Saggi che formano colonie dovrebbero essere utilizzati per determinare la frequenza e il tipo di progenitori emopoietici indotte. La natura delle cellule che formano colonie può essere confermata attraverso la preparazione cytospins Wright-macchiati dalle singole colonie. hPSCs trasdotte con ETV2 e GATA2 producono per lo più di grandi dimensioni (superiori a 0,5 mm di diametro) ad alto potenziale (HPP) colonie mieloidi proliferative composte di granulociti immaturi e cellule monocitiche, con alcune cellule mieloidi mature e eritroide occasionali e cellule megacariociti. In media oltre l'80% dei CFC in GATA2 / culture ETV2 trasdotte sono centrali è mieloidi. Inoltre, queste culture generano eritroidi e macrofagi colonie (Figura 2E), che di solito comprendono meno del 20% dei CFC totale. HPSC trasduzione con ETV2 e GATA1 aumenta significativamente °e percentuale di CFC-E fino al 50%. Culture trasdotte TAL1 e GATA2 producono principalmente eritroide (oltre l'80% del totale CFC) e le colonie megacariociti (oltre il 10% del totale CFC), con pochissime colonie di macrofagi (meno del 5% del totale CFC). L'aggiunta di LMO2 al TAL1 e la combinazione GATA2 aumenta notevolmente la frequenza di cellule che formano colonie con eritro-megacariocitica potenziale ^10. Il modello di attività CFC dopo trasduzione con le combinazioni descritte di fattori di trascrizione è coerente tra le diverse linee di hESC e hiPSC ^10.

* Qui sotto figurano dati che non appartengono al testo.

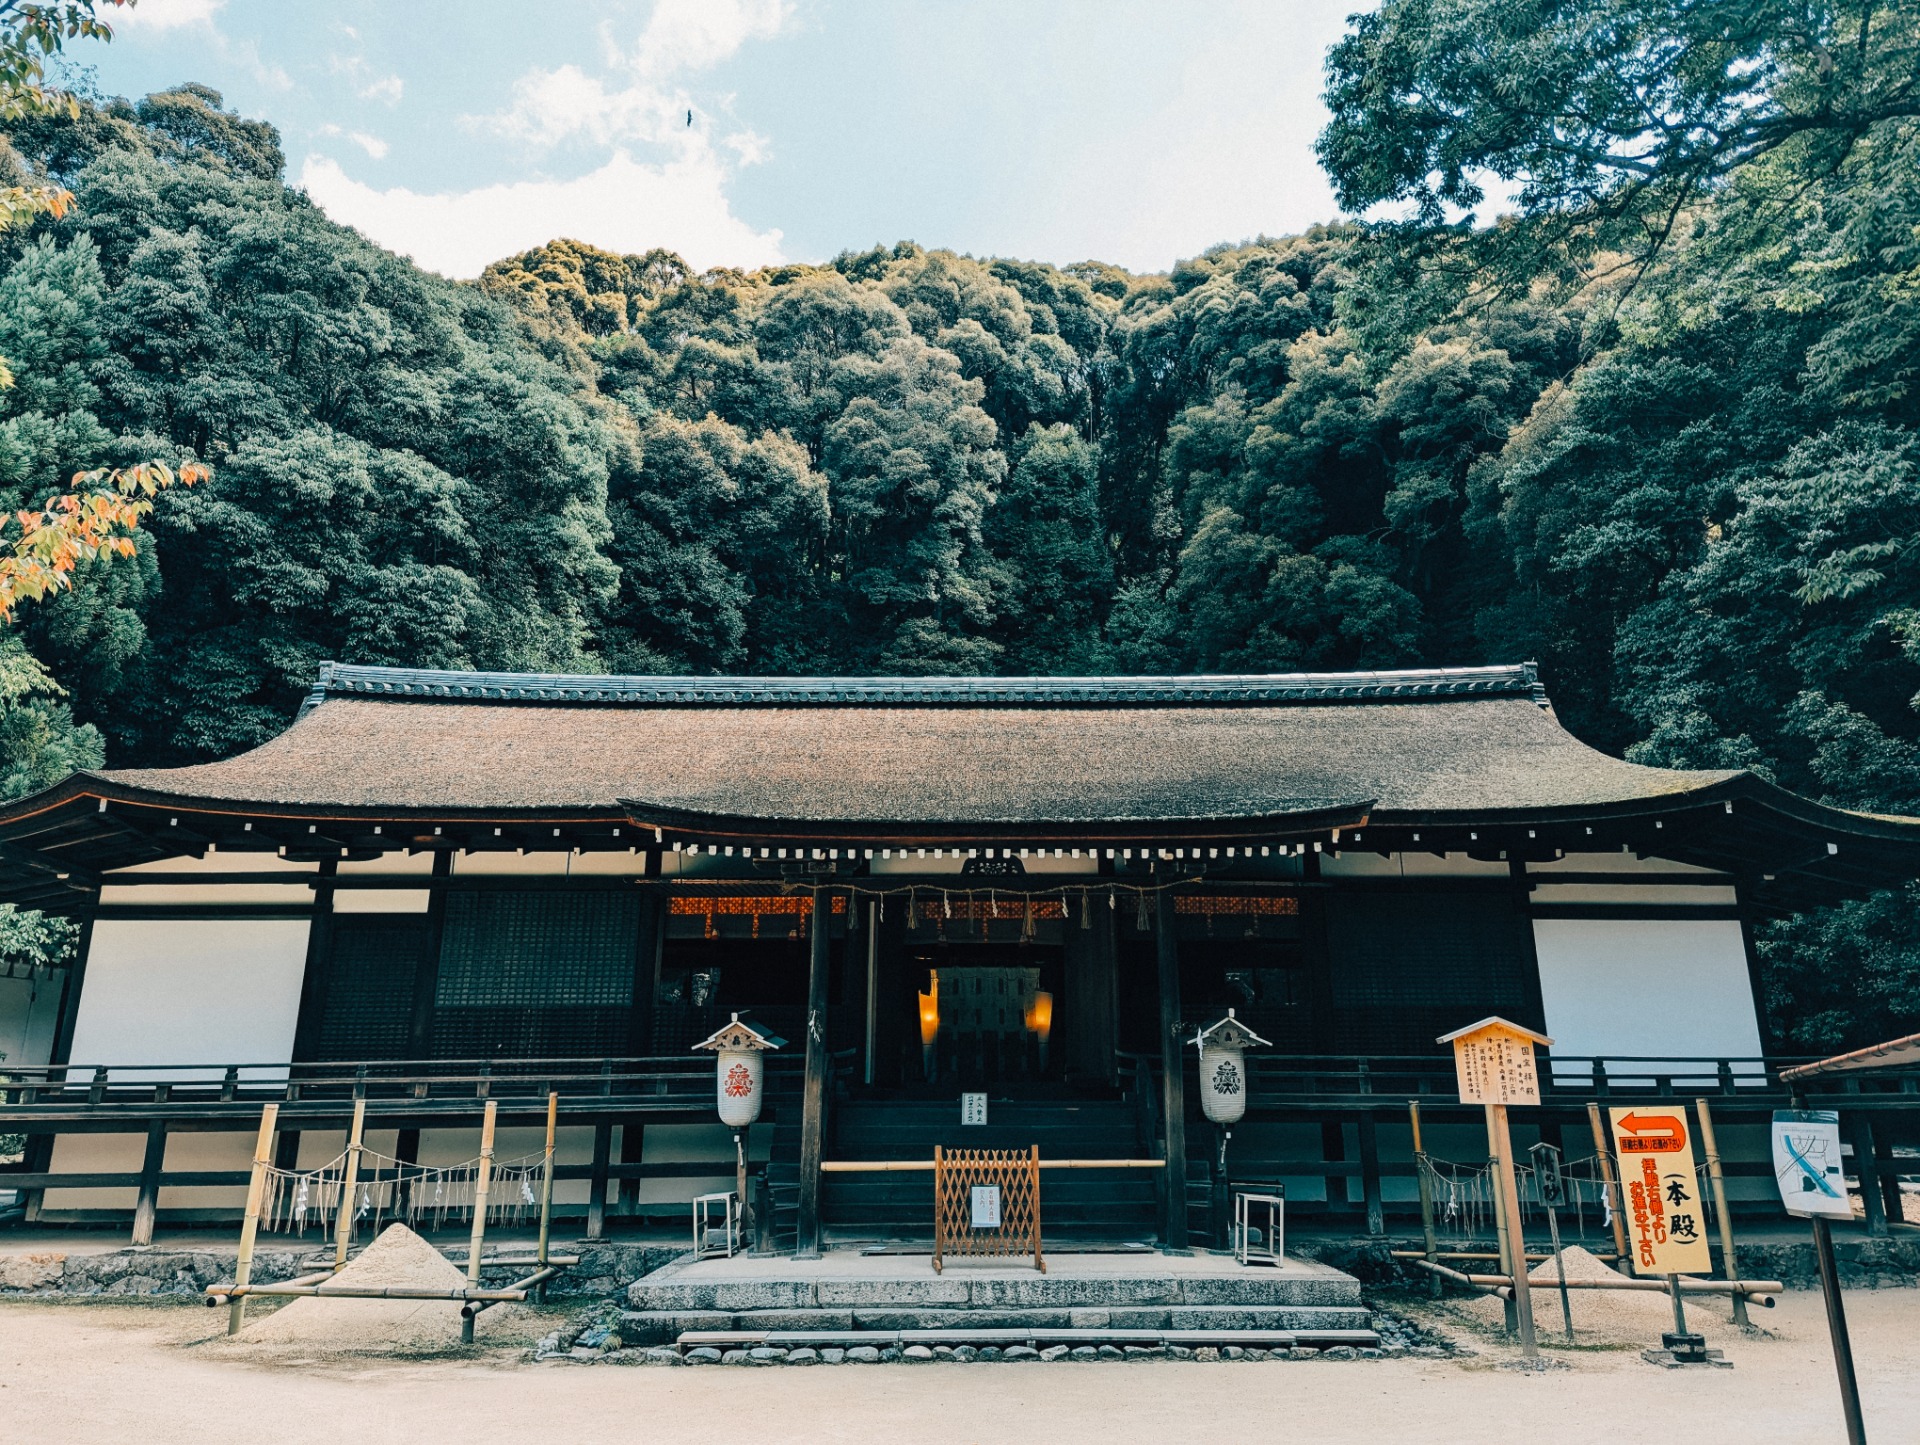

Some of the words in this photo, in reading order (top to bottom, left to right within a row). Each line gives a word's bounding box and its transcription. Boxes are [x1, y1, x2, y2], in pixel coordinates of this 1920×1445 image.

[1621, 1138, 1682, 1150] 拝殿右側よりお進み下さい
[1629, 1180, 1656, 1267] お進み下さい
[1641, 1158, 1667, 1244] 拝殿右側より

In sintesi, la sovraespressione lentiviral-mediata hPSCs è uno strumento relativamente rapido ed efficiente per l'induzione di HE e sangue utilizzando TF. Questo sistema può essere utilizzato anche per valutare la capacità di differenziazione altre TF e identificare quelli che sono necessari per endoteliale e specifica ematopoietiche. Tuttavia, l'attuale protocollo ha un'utilità limitata per gli studi di exintracellulare segnalazione coinvolti nell'induzione di SE, in quanto utilizza TF per aggirare la segnalazione mediata da recettori di superficie. Anche se l'attuale protocollo descrive la produzione di sangue con l'espressione costitutiva di un transgene, risultati simili potrebbero essere ottenuti utilizzando mRNA modificati ^10.

IS è socio fondatore e consulente per Cynata.

We thank Matt Raymond for editorial assistance. This work was supported by funds from the National Institute of Health (U01HL099773, R01HL116221, and P51 RR000167) and The Charlotte Geyer Foundation.